*** Opening Exercise input ***
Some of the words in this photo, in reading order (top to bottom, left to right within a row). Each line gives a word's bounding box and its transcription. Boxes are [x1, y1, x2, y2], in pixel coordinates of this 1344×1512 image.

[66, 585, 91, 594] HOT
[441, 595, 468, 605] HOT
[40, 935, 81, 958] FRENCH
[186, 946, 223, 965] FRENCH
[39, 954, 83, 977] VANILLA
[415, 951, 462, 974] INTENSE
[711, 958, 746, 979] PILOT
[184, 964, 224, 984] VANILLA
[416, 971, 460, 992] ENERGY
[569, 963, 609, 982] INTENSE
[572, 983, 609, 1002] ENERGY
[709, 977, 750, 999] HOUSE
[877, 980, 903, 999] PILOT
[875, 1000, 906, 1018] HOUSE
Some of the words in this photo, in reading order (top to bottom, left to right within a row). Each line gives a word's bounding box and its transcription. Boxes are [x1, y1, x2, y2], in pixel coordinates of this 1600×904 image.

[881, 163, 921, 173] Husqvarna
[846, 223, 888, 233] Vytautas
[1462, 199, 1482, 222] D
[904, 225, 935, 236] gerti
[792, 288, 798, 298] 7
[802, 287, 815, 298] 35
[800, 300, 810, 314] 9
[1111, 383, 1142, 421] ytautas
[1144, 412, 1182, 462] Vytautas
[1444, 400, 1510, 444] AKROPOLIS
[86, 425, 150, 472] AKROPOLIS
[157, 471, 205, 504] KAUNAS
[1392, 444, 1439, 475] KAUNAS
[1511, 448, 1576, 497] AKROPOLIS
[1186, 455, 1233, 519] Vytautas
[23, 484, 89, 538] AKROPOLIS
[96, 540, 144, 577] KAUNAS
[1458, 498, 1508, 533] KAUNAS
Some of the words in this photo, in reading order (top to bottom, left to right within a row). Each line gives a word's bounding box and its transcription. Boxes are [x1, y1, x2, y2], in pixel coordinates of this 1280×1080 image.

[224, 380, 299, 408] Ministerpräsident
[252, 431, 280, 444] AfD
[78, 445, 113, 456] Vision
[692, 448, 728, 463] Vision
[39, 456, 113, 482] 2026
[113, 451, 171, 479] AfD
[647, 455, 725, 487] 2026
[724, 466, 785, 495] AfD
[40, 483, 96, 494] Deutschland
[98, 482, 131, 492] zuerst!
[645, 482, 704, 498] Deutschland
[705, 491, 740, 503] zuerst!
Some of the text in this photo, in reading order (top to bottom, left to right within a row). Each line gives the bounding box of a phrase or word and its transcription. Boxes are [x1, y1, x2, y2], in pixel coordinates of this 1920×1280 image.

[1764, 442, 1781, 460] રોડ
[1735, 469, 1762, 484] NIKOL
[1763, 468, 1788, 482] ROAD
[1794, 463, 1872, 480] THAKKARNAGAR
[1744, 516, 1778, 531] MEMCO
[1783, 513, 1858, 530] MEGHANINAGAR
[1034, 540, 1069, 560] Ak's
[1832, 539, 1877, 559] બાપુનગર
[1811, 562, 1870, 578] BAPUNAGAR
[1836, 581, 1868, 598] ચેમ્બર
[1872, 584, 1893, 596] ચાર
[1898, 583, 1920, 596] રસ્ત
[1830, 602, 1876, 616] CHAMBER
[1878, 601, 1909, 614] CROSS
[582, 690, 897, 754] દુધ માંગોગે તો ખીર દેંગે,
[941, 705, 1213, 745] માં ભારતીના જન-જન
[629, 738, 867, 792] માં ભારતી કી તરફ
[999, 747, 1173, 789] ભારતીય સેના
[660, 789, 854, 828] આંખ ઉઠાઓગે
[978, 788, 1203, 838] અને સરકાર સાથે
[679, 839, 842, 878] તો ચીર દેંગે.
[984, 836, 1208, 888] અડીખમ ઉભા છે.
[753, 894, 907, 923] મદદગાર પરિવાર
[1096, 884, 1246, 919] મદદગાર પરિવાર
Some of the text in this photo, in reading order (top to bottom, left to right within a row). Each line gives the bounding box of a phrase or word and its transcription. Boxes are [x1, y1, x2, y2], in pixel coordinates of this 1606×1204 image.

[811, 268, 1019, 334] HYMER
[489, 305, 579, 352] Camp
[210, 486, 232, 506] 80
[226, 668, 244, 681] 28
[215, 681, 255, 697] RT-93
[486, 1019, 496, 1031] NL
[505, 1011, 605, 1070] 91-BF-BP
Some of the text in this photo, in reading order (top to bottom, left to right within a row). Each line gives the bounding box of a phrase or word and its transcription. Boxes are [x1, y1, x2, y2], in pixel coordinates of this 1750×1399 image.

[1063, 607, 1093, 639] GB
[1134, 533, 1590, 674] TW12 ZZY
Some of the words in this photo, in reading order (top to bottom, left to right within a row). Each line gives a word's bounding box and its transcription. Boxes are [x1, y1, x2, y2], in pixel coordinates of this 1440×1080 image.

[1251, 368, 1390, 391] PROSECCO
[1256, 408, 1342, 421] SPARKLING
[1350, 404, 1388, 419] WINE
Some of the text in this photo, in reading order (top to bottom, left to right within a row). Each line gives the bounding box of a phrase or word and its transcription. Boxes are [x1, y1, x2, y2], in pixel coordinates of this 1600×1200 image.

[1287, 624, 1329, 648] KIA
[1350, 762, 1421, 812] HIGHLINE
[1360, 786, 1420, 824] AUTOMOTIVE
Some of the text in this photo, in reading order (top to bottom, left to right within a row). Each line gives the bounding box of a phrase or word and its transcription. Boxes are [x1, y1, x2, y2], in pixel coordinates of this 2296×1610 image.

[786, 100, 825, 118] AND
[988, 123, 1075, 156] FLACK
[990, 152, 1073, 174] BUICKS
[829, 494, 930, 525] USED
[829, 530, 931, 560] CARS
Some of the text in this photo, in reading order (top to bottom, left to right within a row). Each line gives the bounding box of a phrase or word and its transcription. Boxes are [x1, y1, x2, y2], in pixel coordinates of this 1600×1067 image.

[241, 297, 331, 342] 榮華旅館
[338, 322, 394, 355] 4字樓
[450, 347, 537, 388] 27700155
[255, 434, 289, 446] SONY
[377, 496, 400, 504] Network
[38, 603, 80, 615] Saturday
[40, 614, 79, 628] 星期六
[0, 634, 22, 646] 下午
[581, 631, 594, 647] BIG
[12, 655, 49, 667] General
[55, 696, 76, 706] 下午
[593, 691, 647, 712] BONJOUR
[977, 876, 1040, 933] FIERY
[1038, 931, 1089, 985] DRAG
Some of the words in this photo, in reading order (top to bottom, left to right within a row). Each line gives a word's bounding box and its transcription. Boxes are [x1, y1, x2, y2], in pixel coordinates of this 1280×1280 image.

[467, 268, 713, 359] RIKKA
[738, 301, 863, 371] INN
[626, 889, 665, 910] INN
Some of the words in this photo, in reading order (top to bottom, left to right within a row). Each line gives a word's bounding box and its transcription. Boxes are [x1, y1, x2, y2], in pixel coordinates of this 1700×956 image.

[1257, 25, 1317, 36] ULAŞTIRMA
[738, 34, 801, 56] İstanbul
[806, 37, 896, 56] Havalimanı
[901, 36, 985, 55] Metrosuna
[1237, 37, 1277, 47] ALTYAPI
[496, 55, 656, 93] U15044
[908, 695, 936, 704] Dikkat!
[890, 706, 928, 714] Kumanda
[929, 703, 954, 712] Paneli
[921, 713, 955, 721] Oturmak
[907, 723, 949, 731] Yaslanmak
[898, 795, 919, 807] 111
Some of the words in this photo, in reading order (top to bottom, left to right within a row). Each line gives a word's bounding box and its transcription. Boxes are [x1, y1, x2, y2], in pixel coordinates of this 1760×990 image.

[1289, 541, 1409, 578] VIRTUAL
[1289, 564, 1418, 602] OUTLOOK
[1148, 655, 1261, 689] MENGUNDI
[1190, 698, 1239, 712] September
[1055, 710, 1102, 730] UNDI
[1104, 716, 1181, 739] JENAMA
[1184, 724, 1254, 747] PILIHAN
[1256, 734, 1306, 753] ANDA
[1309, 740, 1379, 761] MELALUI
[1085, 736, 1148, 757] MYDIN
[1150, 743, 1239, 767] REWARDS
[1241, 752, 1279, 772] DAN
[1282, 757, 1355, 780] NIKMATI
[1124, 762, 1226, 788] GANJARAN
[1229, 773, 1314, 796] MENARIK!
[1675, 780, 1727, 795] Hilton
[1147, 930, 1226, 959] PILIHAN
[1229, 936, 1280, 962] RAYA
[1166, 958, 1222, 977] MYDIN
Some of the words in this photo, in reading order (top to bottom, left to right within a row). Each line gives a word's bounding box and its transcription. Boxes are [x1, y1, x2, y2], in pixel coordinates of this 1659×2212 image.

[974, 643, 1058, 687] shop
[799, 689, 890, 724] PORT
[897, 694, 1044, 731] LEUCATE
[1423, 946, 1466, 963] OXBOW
*** Closing Exercise input ***
Your task is to copy exactly, and only, the lines from the line with "this 1659×2212 image." through the last line of the entries, both included.

Some of the words in this photo, in reading order (top to bottom, left to right within a row). Each line gives a word's bounding box and its transcription. Boxes are [x1, y1, x2, y2], in pixel coordinates of this 1659×2212 image.

[974, 643, 1058, 687] shop
[799, 689, 890, 724] PORT
[897, 694, 1044, 731] LEUCATE
[1423, 946, 1466, 963] OXBOW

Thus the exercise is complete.